By aggregating data based on neighborhood and room type and calculating the number of rooms for each case, stakeholders gain valuable insights into the distribution of accommodation options across different neighborhoods and room types. This information can be leveraged to identify popular room types in specific neighborhoods, allowing stakeholders to tailor their marketing strategies and property investments accordingly. Additionally, understanding the demand for different room types in various neighborhoods can inform decisions related to pricing, property management, and expansion strategies. Therefore, stakeholders are advised to regularly analyze this data to optimize their offerings and maximize profitability in the Airbnb market.



Analyzing the average minimum nights required for booking provides stakeholders with valuable insights into booking preferences and expectations of Airbnb guests. This information can guide hosts and property managers in setting appropriate minimum night requirements for their listings to attract more bookings while meeting guest expectations. Moreover, understanding the average minimum nights can help stakeholders adjust their pricing strategies and promotional efforts to optimize occupancy rates and enhance the overall guest experience. Therefore, stakeholders are encouraged to utilize this data to tailor their listing policies and improve their competitiveness in the Airbnb market.

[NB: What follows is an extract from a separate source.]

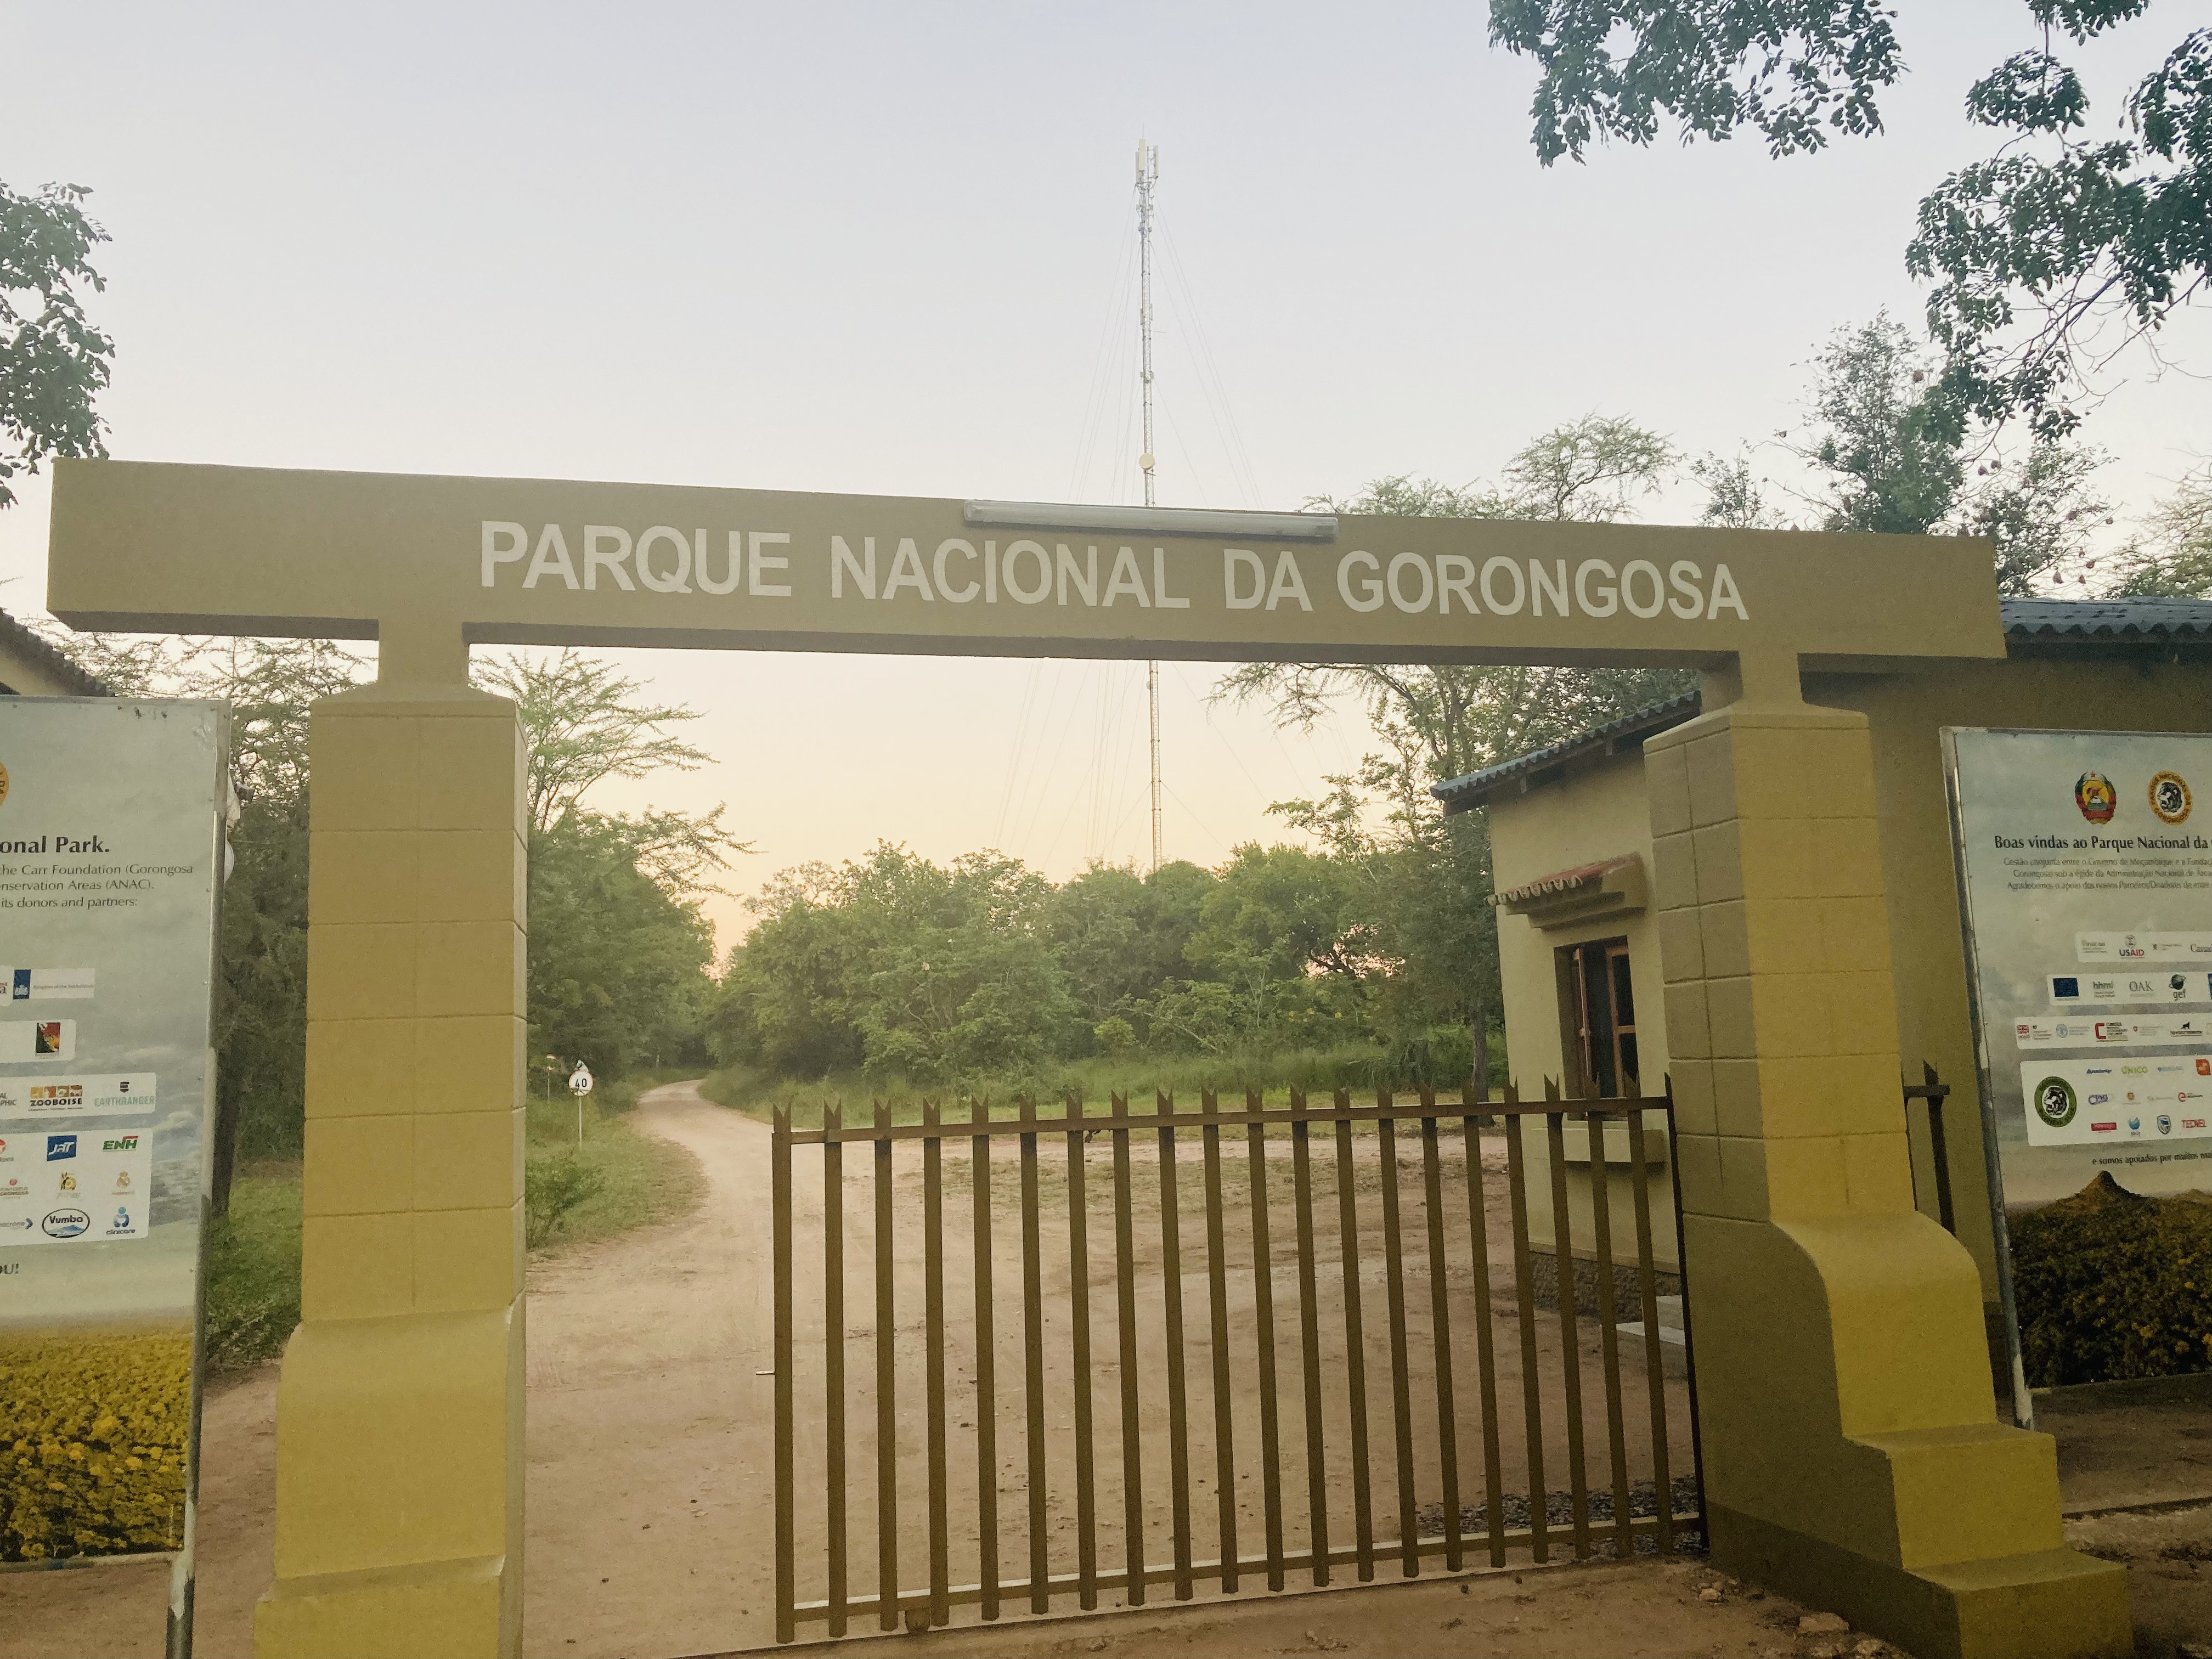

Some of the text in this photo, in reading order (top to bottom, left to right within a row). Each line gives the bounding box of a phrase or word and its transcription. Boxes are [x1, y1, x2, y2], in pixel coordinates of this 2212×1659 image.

Understanding the distribution of minimum nights required for booking is crucial for stakeholders to adapt their listing policies and meet the diverse needs of Airbnb guests. With a significant portion of properties requiring either 1 or 2 minimum nights, stakeholders should consider offering flexible booking options to attract short-term guests looking for quick getaways. Additionally, while properties with longer minimum night requirements may appeal to guests seeking extended stays, stakeholders should carefully balance these requirements to avoid potential booking limitations. By analyzing and adjusting minimum night requirements based on guest preferences and market demand, stakeholders can optimize their property occupancy and enhance the overall guest experience.



Identifying the neighborhood group with the highest average reviews per month provides valuable insights into areas with exceptional guest satisfaction. Given the output indicating that the South Waikato District has the highest average reviews per month, stakeholders should prioritize investing in this area to capitalize on its positive reputation and guest satisfaction. They can consider expanding their property listings, improving amenities and services, and implementing targeted marketing strategies to attract more guests to this highly-rated neighborhood group. By focusing efforts on areas with proven high satisfaction rates, stakeholders can enhance their competitiveness on the Airbnb platform and drive sustained growth and success in the market.

In light of the distinct pricing dynamics observed across different neighborhood groups, stakeholders are advised to adopt tailored pricing strategies to optimize their market competitiveness and revenue potential.

For properties situated in Queenstown-Lakes District, characterized by the highest average price, stakeholders may benefit from emphasizing premium amenities and services to align with the upscale nature of the market. This approach enables them to justify higher rates and cater to the expectations of discerning guests seeking luxury accommodations.

Conversely, in Kawerau District, where the average price is notably lower, stakeholders are encouraged to focus on offering cost-effective options and targeted promotions to appeal to budget-conscious travelers. By leveraging competitive pricing strategies in this market segment, stakeholders can attract a broader range of guests and maximize occupancy rates.

Ultimately, by aligning pricing strategies with the prevailing average prices in each neighborhood group, stakeholders can enhance their market position, drive demand, and optimize revenue generation in their respective markets.